POR JOSÉ MANUEL CAMACHO DELGADO

Para mi hija Cristina Mercedes, entre risas y bailes, el mejor antídoto contra toda pandemia.

 

Pocos escritores han cultivado el arte de la sutileza con la eficacia narrativa del colombiano Luis Fayad, artífice y responsable de una obra literaria tan sólida como perdurable, que poco a poco gana espacio en las letras colombianas e hispanoamericanas, a pesar de que sus propuestas están lejos de los oropeles de las grandes corrientes de la narrativa hispanoamericana originadas a partir de los años cuarenta del pasado siglo.
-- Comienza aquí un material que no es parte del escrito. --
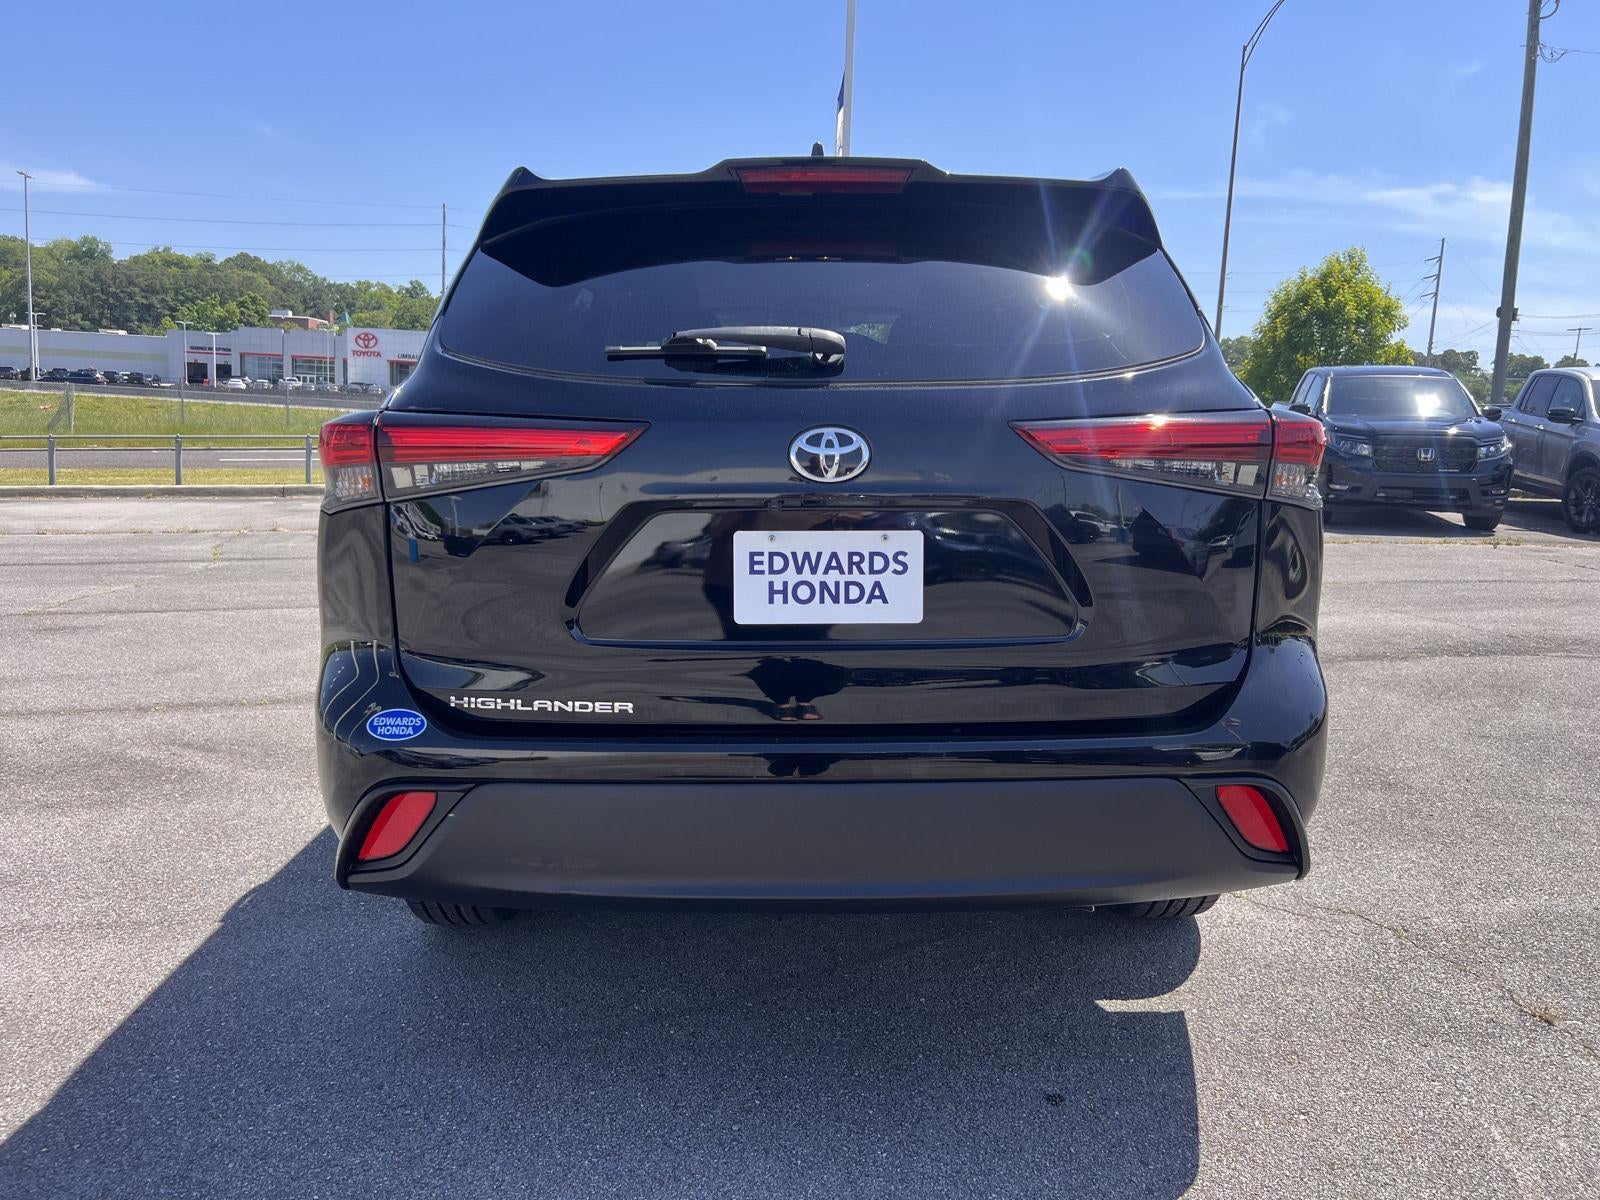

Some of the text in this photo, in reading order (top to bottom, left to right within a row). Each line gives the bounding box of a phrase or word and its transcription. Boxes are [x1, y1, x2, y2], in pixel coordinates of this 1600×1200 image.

Su mirada intimista, su gusto por el pequeño detalle, su particular manera de recrear la cotidianidad de los personajes o de los espacios urbanos, su prosa limpia y precisa, sin grandes alardes técnicos, su posicionamiento ético y compasivo hacia los más débiles, su impecable intuición para acercarse a algunos de los temas más trascendentes de la historia colombiana lo convierten en un escritor singular, a contracorriente, lejos de las modas y las tendencias, lejos de las reglas del mercado editorial, lo que no ha sido en modo alguno impedimento para generar un universo narrativo propio, con unas señas identitarias ineludibles en el canon de la narrativa colombiana.
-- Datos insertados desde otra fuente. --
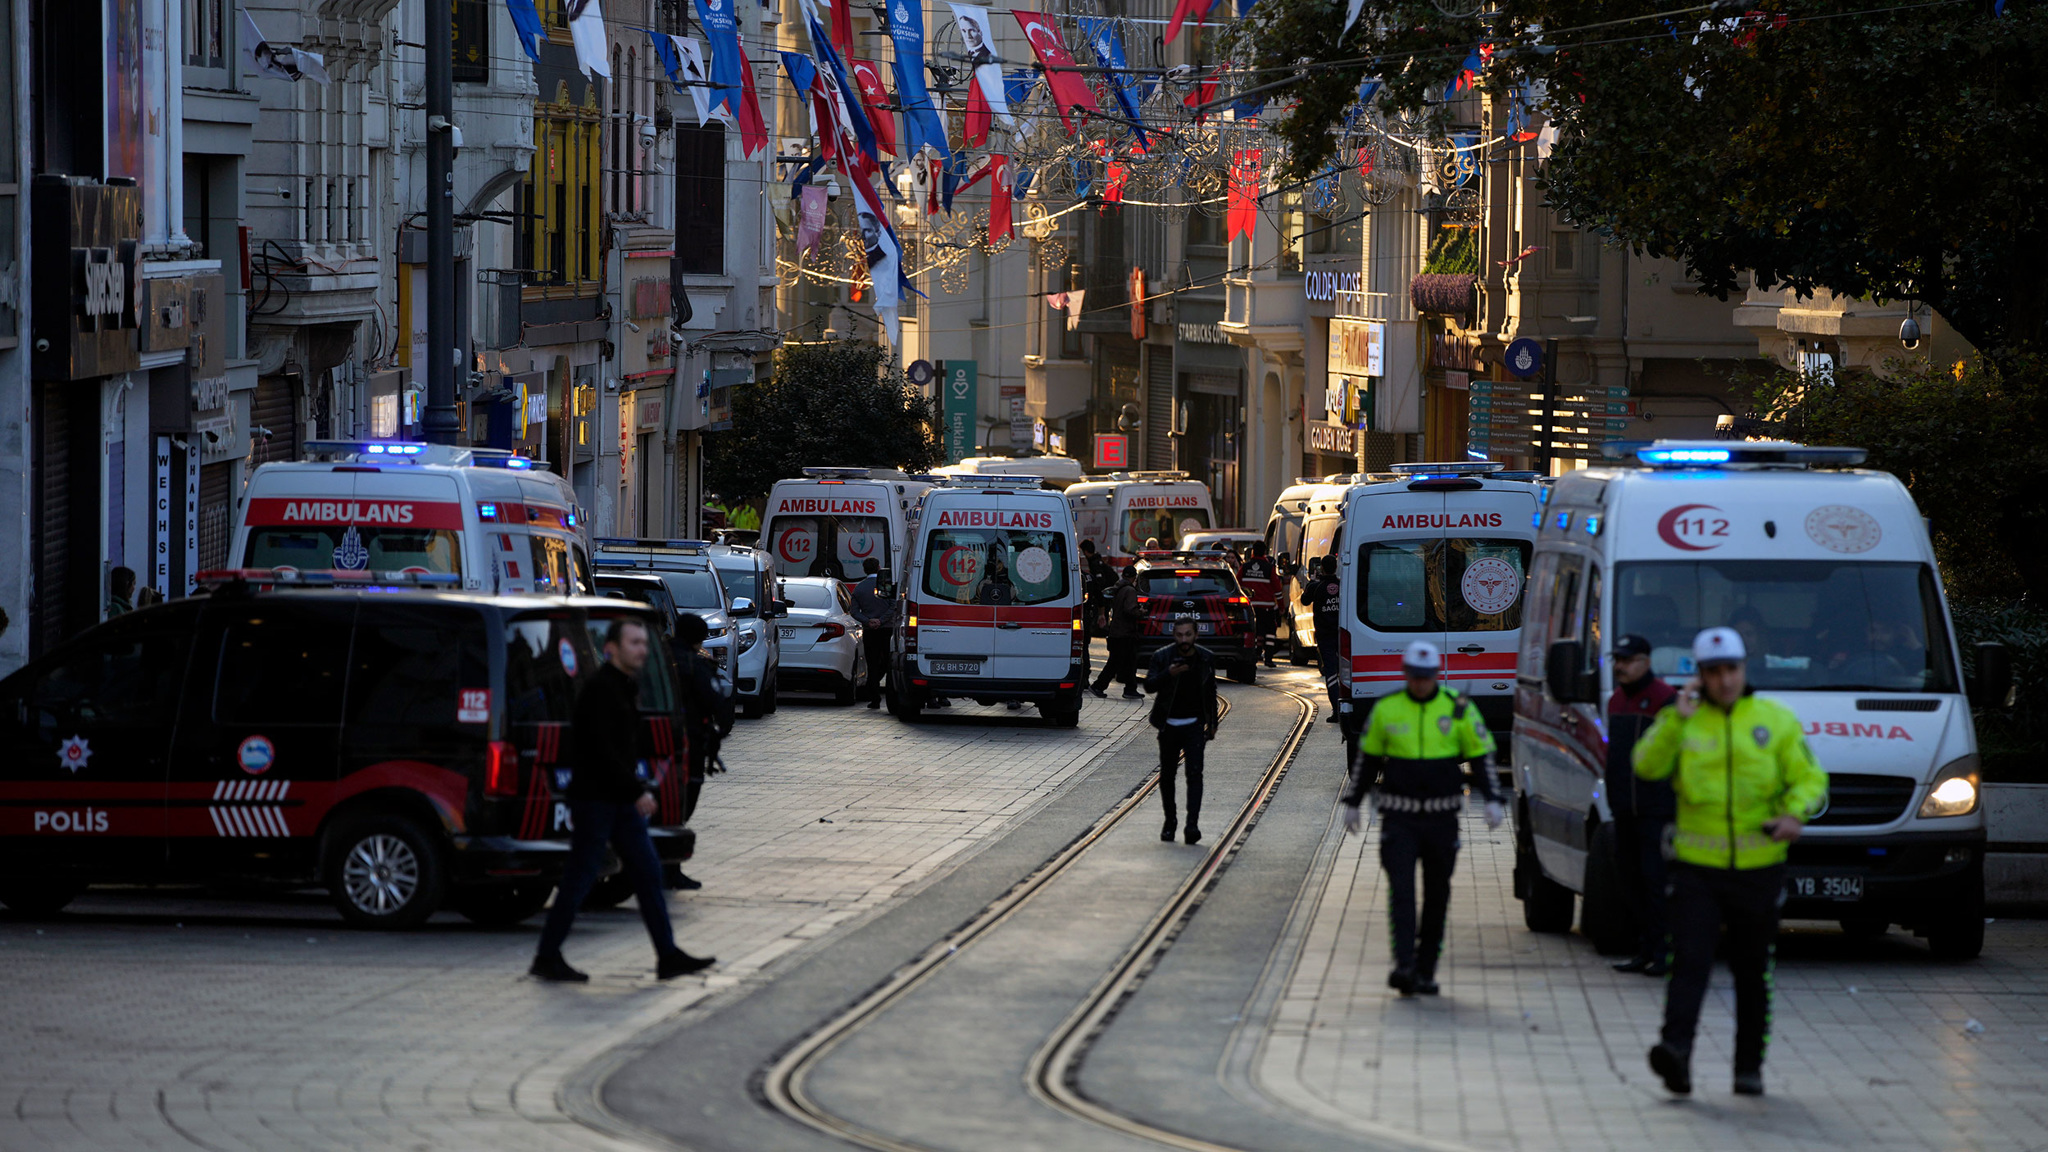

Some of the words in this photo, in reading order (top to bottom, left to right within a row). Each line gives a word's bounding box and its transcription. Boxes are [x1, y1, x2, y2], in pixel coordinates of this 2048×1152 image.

La que hasta ahora es su última novela, Regresos (2014),[1] ofrece una mirada sombría, muy pesimista y descarnada sobre las posibilidades de reconciliación y reconstrucción de un país esquilmado y dañado por más de un largo siglo de conflictos internos. El plural de su título remite, obviamente, a diferentes niveles de interpretación, que van de lo psicológico a lo sociológico, de lo individual a lo colectivo, como si la vida de sus personajes y la del escritor y su propia familia estuviese sujeta a continuos tornaviajes que acentúan la condición errante del ser humano, su continuo ir y venir sin asideros reales, como ya expresara de forma singular el escritor Álvaro Mutis en su heptalogía dedicada a Maqroll el Gaviero.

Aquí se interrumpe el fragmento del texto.